_Dataset records_:

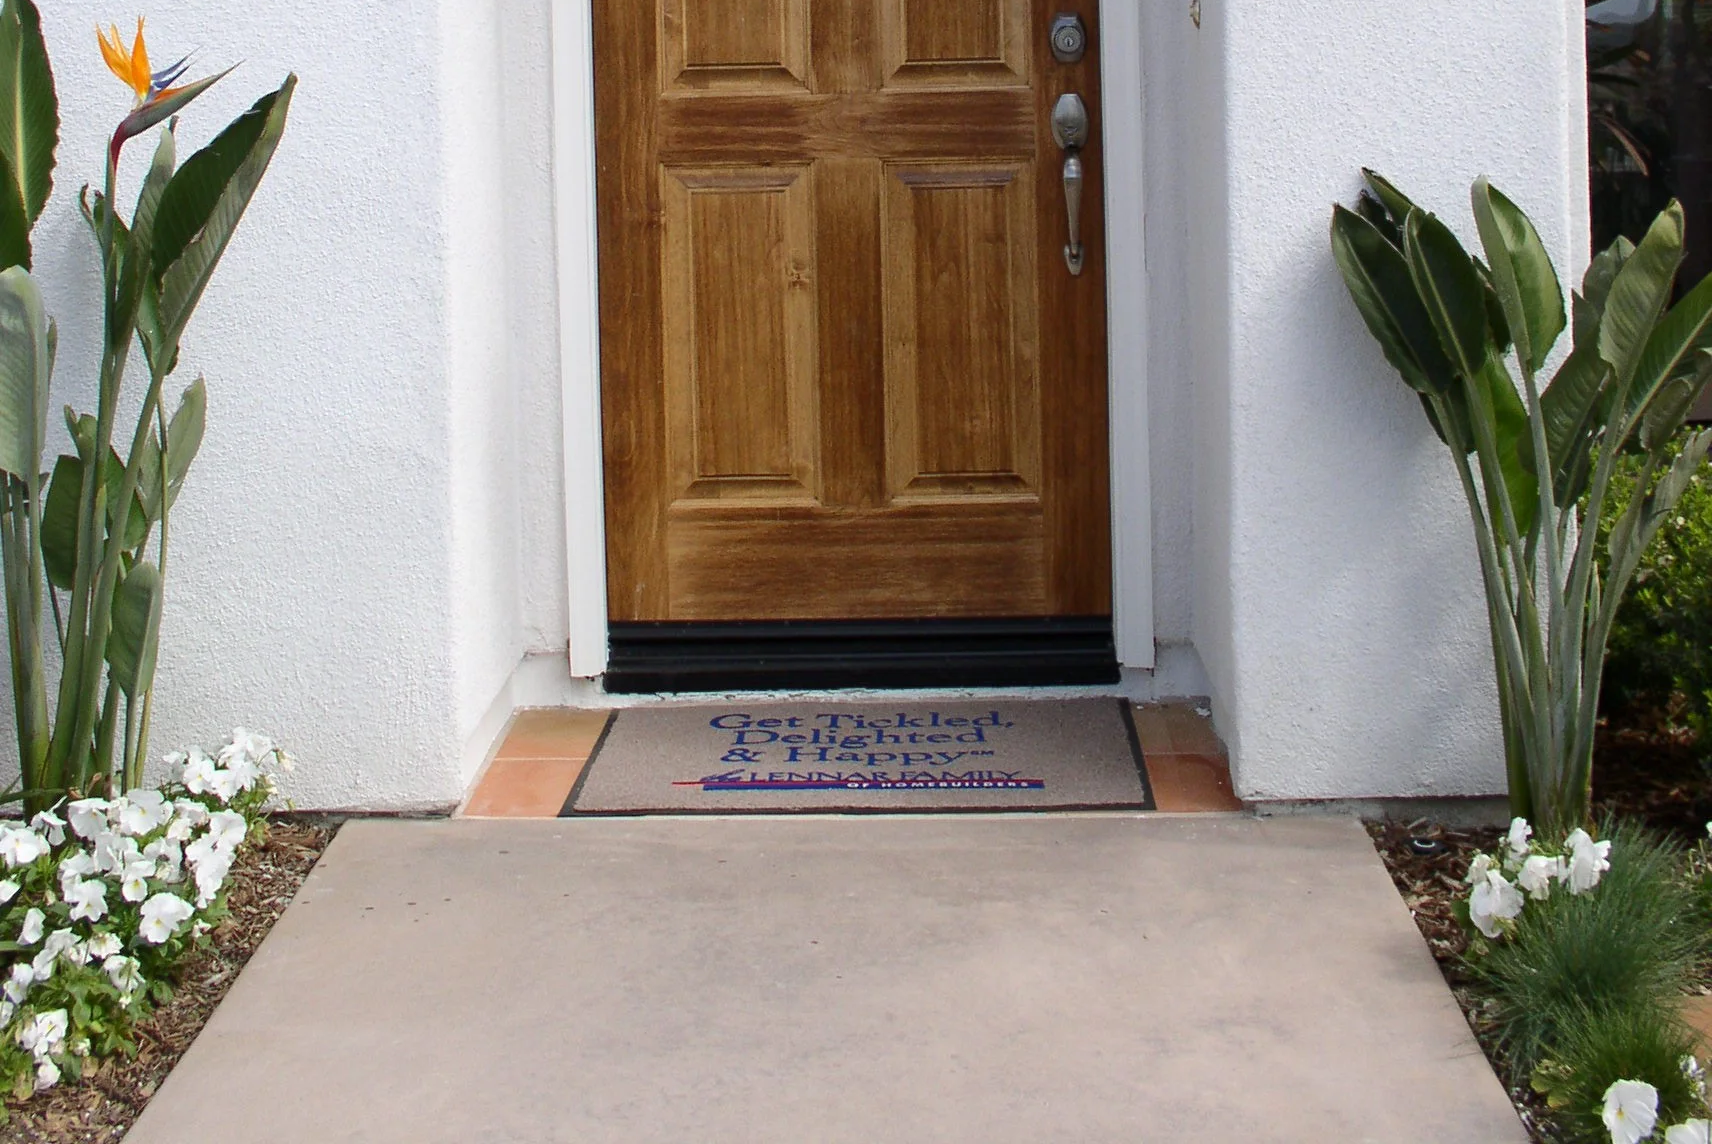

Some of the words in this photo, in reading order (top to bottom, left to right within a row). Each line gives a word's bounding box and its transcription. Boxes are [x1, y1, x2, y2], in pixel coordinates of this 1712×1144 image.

[709, 713, 803, 729] Get
[815, 711, 1014, 729] Tickled,
[731, 727, 987, 749] Delighted
[720, 748, 766, 763] &
[751, 771, 889, 783] LENNAR
[901, 770, 1021, 782] FAMILY
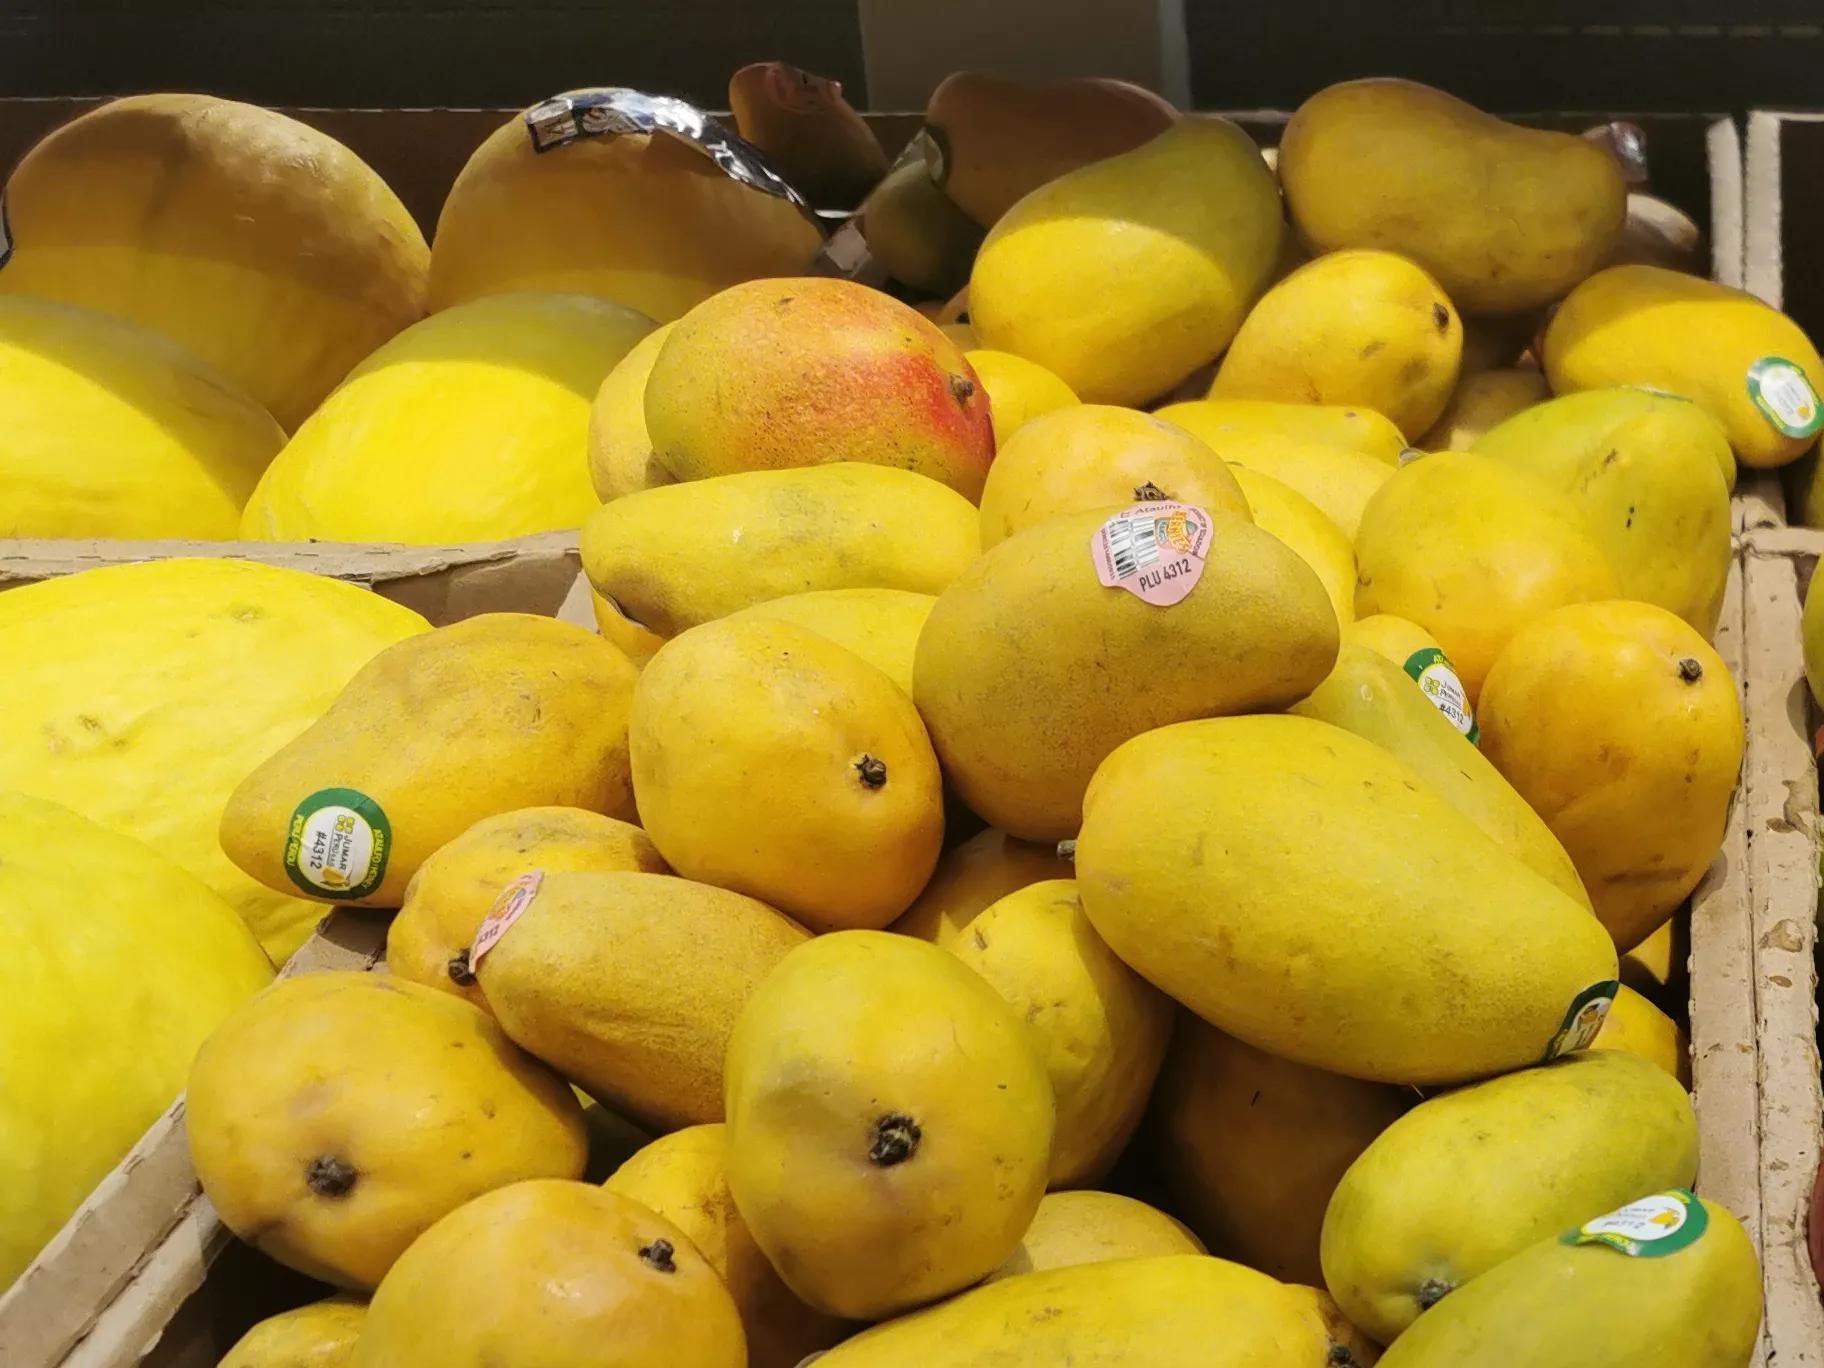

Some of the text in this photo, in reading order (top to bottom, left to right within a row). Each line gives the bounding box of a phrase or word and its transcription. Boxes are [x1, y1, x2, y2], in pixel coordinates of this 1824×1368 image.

[1139, 558, 1192, 593] PLU 4312
[310, 830, 328, 870] #4312
[339, 834, 353, 871] JUMAR
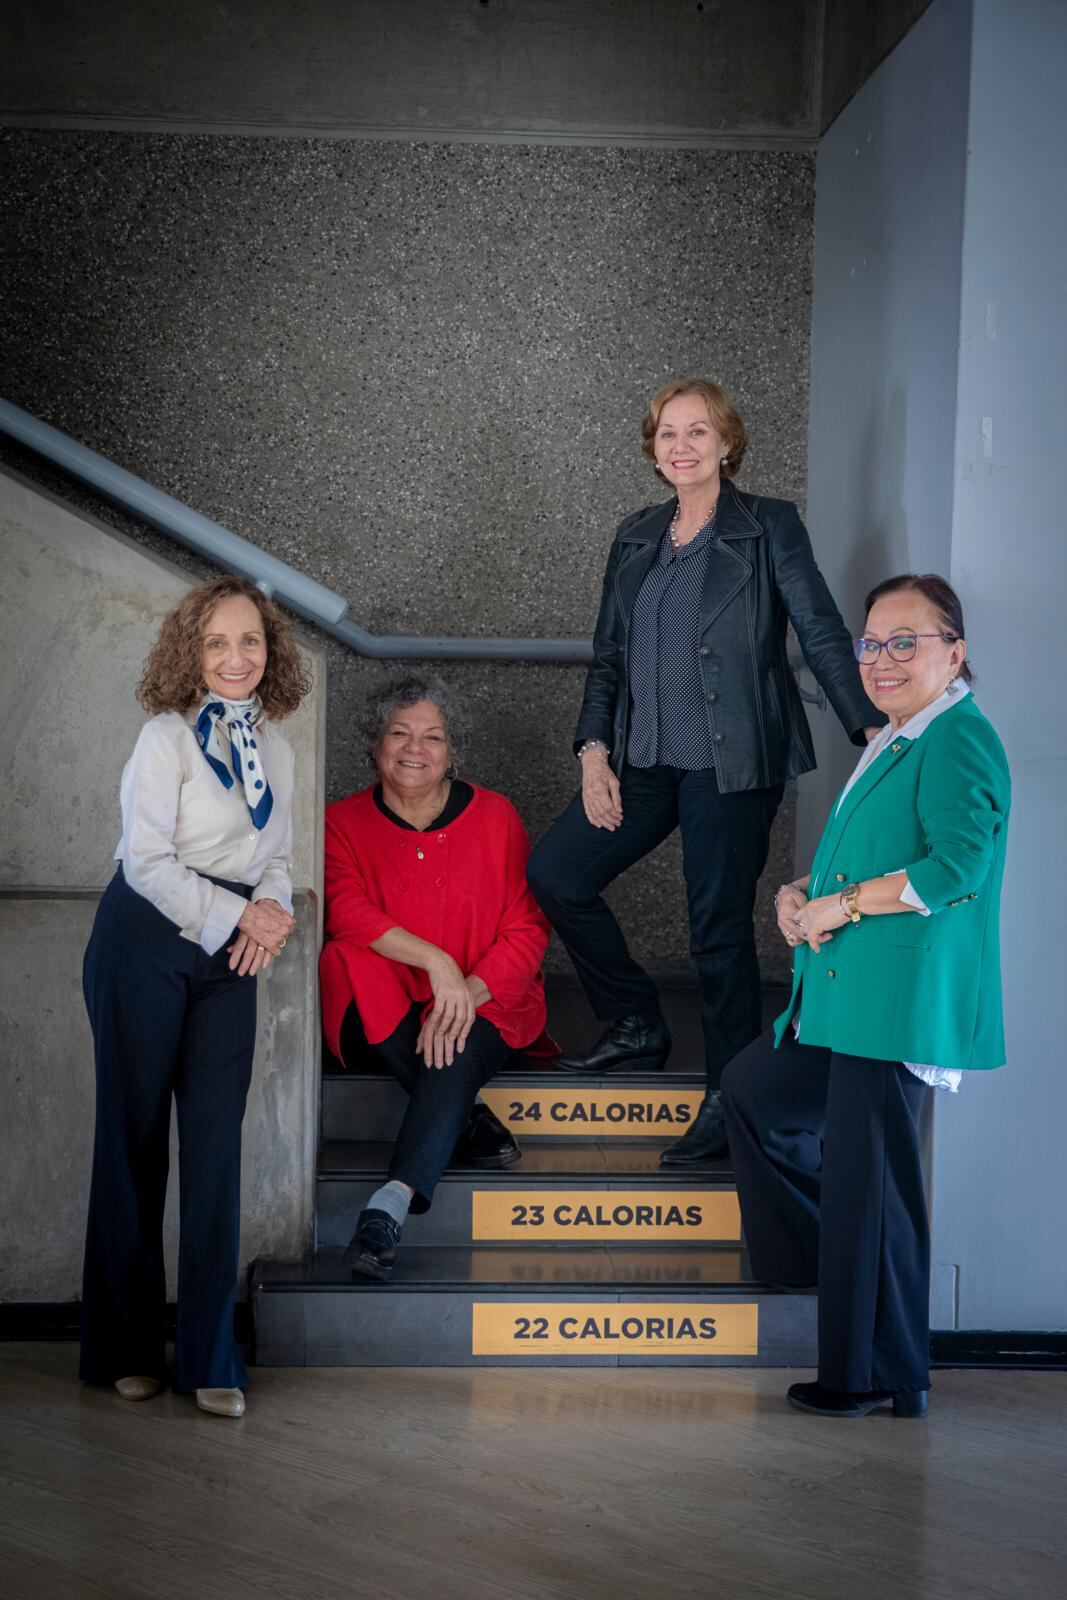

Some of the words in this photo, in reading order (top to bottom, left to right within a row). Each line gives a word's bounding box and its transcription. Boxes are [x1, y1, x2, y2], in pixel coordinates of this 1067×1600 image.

_Task description_:
Transcribe the complete set of entries verbatim. No pictures belong in the copy.

_Your solution_:
Some of the words in this photo, in reading order (top to bottom, left to right within a row). Each line gives a word's bounding box and its transcription. Boxes are [x1, y1, x2, y2], in pixel coordinates of this 1712×1144 image.

[709, 713, 803, 729] Get
[815, 711, 1014, 729] Tickled,
[731, 727, 987, 749] Delighted
[720, 748, 766, 763] &
[751, 771, 889, 783] LENNAR
[901, 770, 1021, 782] FAMILY

Some of the text in this photo, in reading order (top to bottom, left to right within a row). Each line gives the bounding box of a phrase or word and its transcription. Boxes are [x1, y1, x2, y2], in pixel coordinates of this 1824×1368 image.

[1139, 558, 1192, 593] PLU 4312
[310, 830, 328, 870] #4312
[339, 834, 353, 871] JUMAR

Some of the words in this photo, in reading order (top to bottom, left to right within a row). Each line gives a word's bounding box and its transcription. Boxes are [x1, y1, x2, y2], in pixel coordinates of this 1067×1600 image.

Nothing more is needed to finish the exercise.